Action item
Your output must reproduce all the records below precisely and contain no pictures.

Text-to-region grounding data
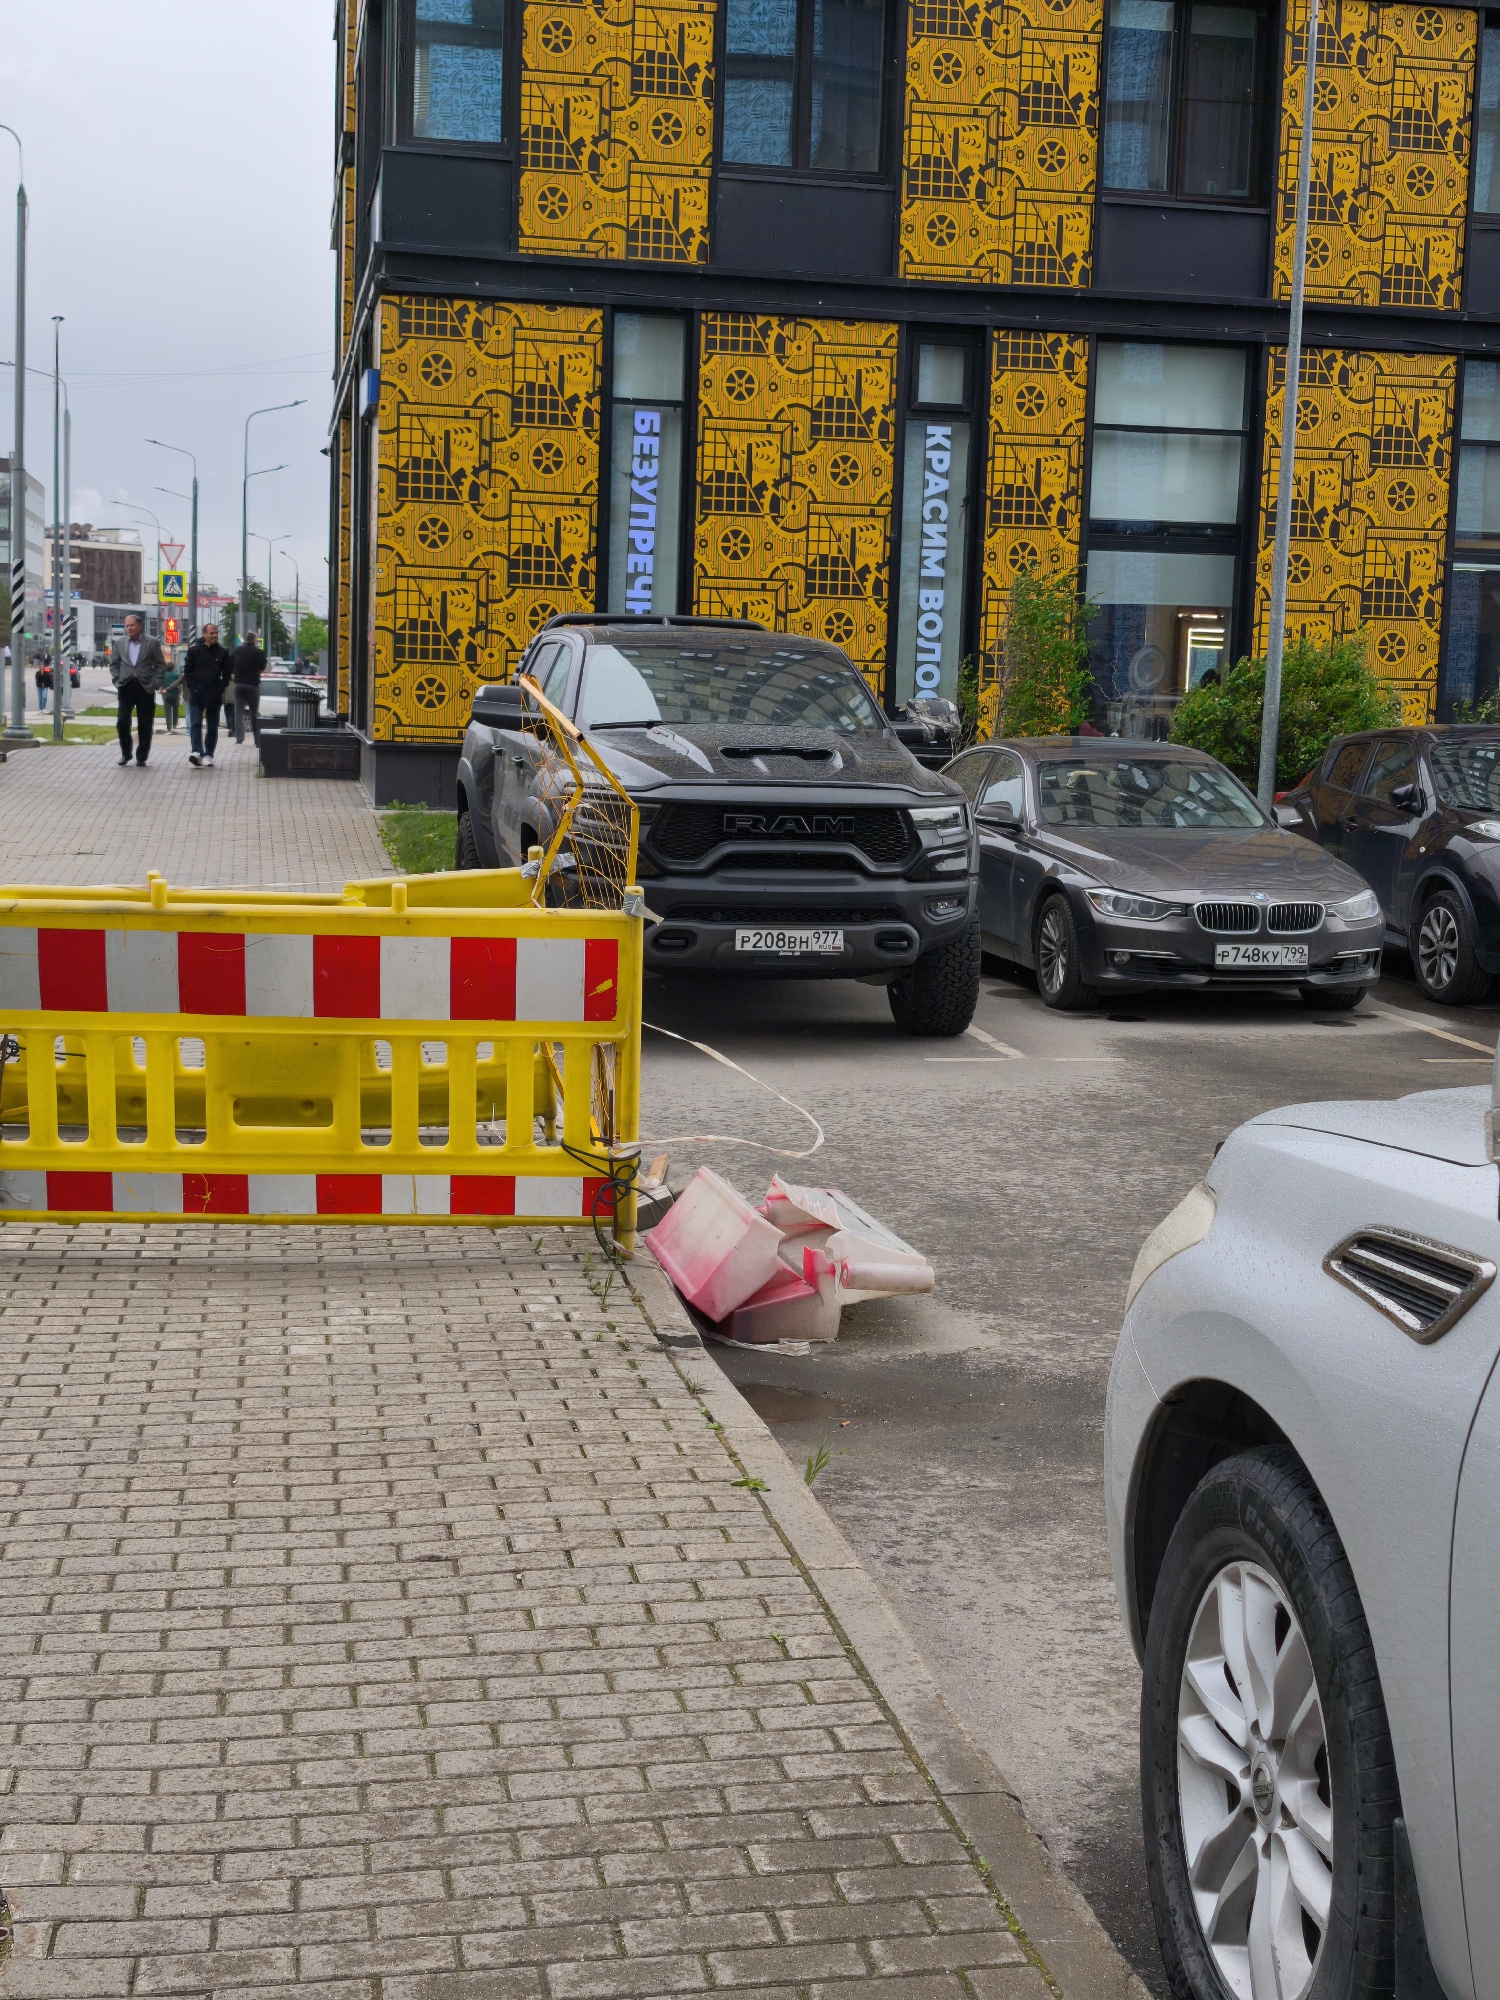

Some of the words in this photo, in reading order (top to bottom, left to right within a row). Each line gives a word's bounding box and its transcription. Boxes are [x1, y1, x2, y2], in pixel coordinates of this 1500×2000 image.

[919, 425, 952, 578] КРАСИМ
[723, 814, 855, 834] RAM
[740, 931, 809, 950] Р208ВН
[812, 931, 839, 945] 977
[1282, 946, 1305, 959] 799

Your solution
Some of the words in this photo, in reading order (top to bottom, left to right within a row). Each line gives a word's bounding box and its transcription. Boxes are [x1, y1, x2, y2], in pixel coordinates of this 1500×2000 image.

[919, 425, 952, 578] КРАСИМ
[723, 814, 855, 834] RAM
[740, 931, 809, 950] Р208ВН
[812, 931, 839, 945] 977
[1282, 946, 1305, 959] 799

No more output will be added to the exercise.